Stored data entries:
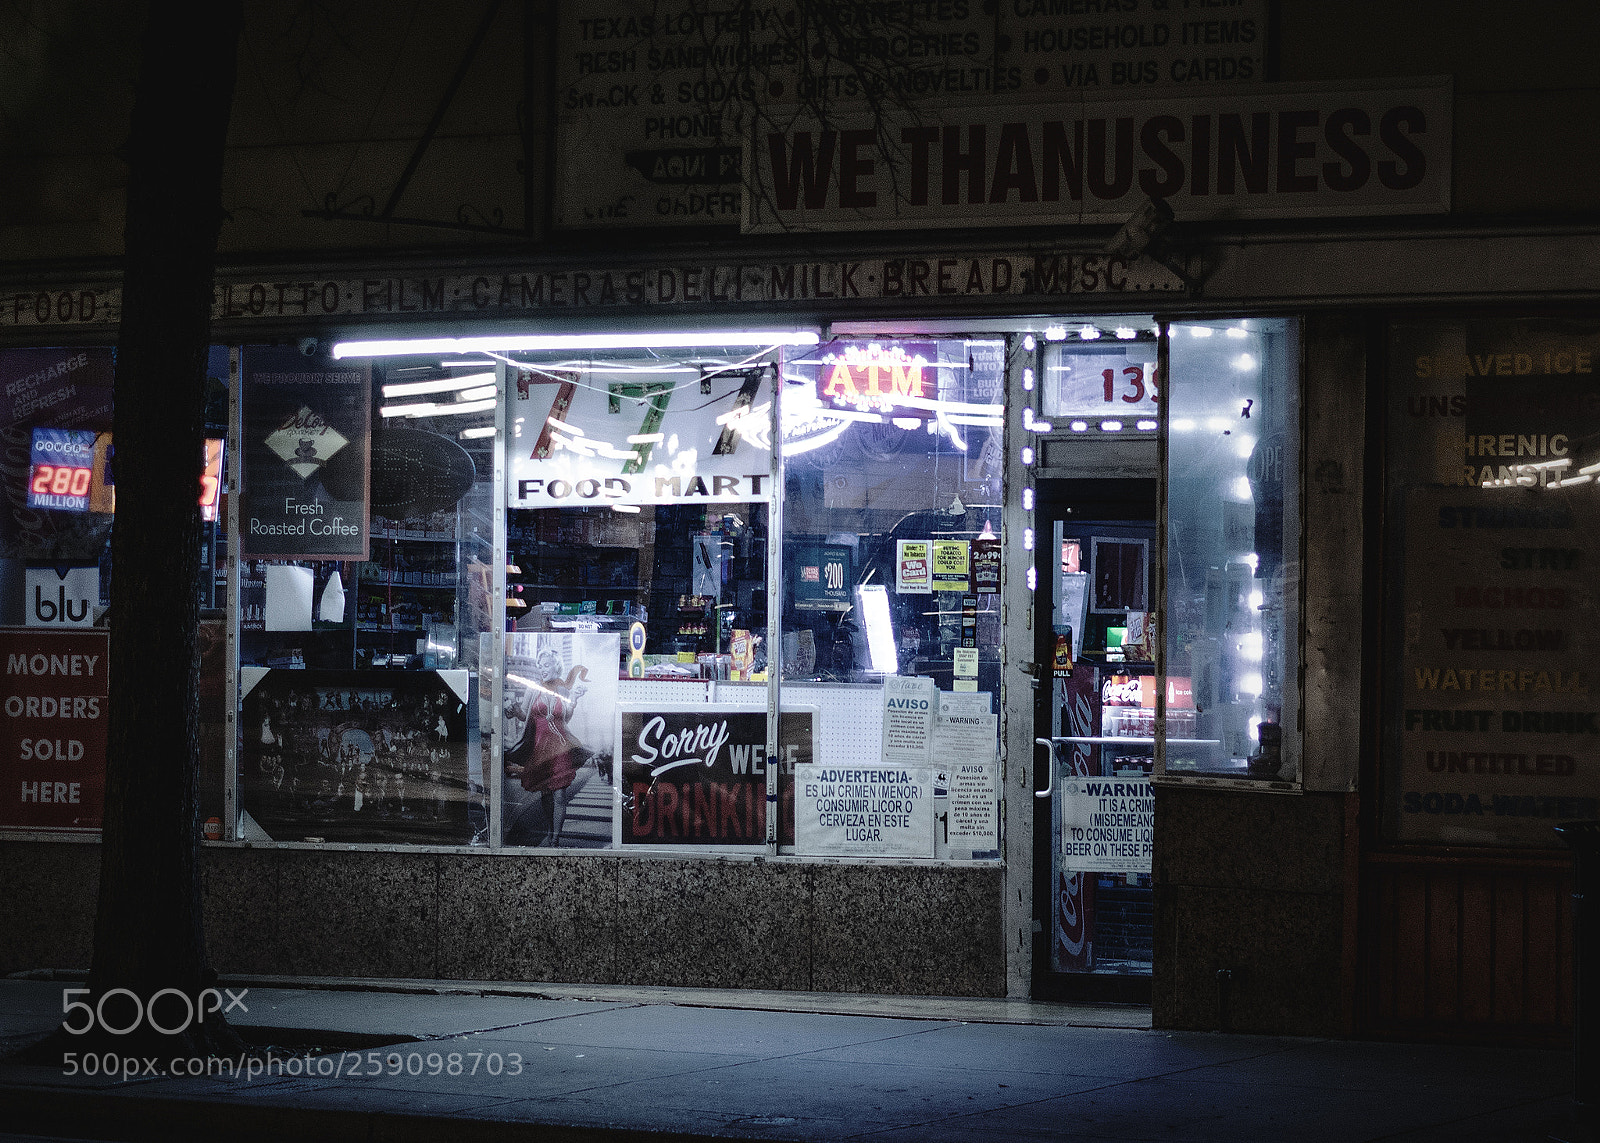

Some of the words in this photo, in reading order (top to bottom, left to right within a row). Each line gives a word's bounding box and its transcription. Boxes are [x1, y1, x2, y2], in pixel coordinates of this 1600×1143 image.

[578, 15, 656, 41] TEXAS
[665, 8, 772, 37] LOTTERY
[1023, 23, 1171, 53] HOUSEHOLD
[1180, 19, 1257, 45] ITEMS
[837, 31, 981, 61] GROCERIES
[575, 49, 636, 74] RESH
[648, 43, 798, 71] SANDWICHES
[796, 73, 859, 100] GIFTS
[895, 66, 1023, 95] NOVELTIES
[1062, 63, 1100, 87] VIA
[1111, 59, 1160, 86] BUS
[1170, 55, 1254, 83] CARDS
[650, 86, 666, 105] &
[678, 80, 757, 105] SODAS
[645, 113, 723, 139] PHONE
[651, 155, 707, 178] AQUI
[767, 128, 878, 211] WE
[14, 291, 97, 325] FOOD
[224, 280, 340, 317] LOTTO
[362, 278, 445, 312] FILM
[472, 269, 646, 310] CAMERAS
[657, 268, 743, 302] DELI
[770, 263, 860, 298] MILK
[882, 258, 1012, 297] BREAD
[5, 352, 89, 398] RECHARGE
[1415, 352, 1534, 378] SAVED
[1544, 350, 1593, 374] ICE
[324, 372, 361, 384] SERVE
[823, 362, 925, 397] ATM
[12, 384, 77, 421] REFRESH
[14, 389, 39, 407] AND
[35, 440, 82, 453] POWER
[1440, 433, 1570, 457] HRENIC
[33, 465, 92, 496] 280
[517, 478, 631, 500] FOOD
[654, 474, 770, 498] MART
[33, 493, 85, 509] MILLION
[284, 497, 324, 515] Fresh
[250, 517, 306, 536] Roasted
[309, 517, 359, 536] Coffee
[823, 562, 844, 590] $200
[902, 567, 927, 578] Card
[905, 560, 923, 570] We
[35, 585, 88, 622] blu
[1438, 628, 1565, 651] YELLOW
[6, 653, 99, 677] MONEY
[1053, 669, 1071, 677] PULL
[1414, 667, 1589, 694] WATERFALL
[4, 695, 101, 719] ORDERS
[887, 697, 929, 710] AVISO
[949, 717, 980, 725] WARNING
[1404, 708, 1494, 732] FRUIT
[19, 738, 85, 761] SOLD
[630, 715, 730, 768] Sorry
[728, 743, 800, 776] WERE
[961, 765, 984, 774] AVISO
[1425, 750, 1576, 777] UNTITLED
[21, 780, 81, 804] HERE
[805, 784, 819, 797] ES
[821, 784, 837, 798] UN
[837, 785, 876, 799] CRIMEN
[877, 786, 923, 800] (MENOR)
[816, 799, 870, 813] CONSUMIR
[872, 800, 902, 813] LICOR
[904, 801, 914, 813] O
[1098, 799, 1108, 812] IT
[1109, 799, 1118, 812] IS
[1119, 799, 1128, 812] A
[819, 813, 866, 827] CERVEZA
[868, 814, 882, 827] EN
[884, 814, 910, 828] ESTE
[846, 828, 883, 842] LUGAR.
[1070, 827, 1084, 841] TO
[1086, 828, 1133, 842] CONSUME
[1066, 842, 1092, 856] BEER
[1093, 843, 1108, 856] ON
[1109, 843, 1140, 857] THESE

■ How to complete this task:
A bare number is the whole answer: state how many lines in the data above contain "FOOD".

■ Output for this exercise:
2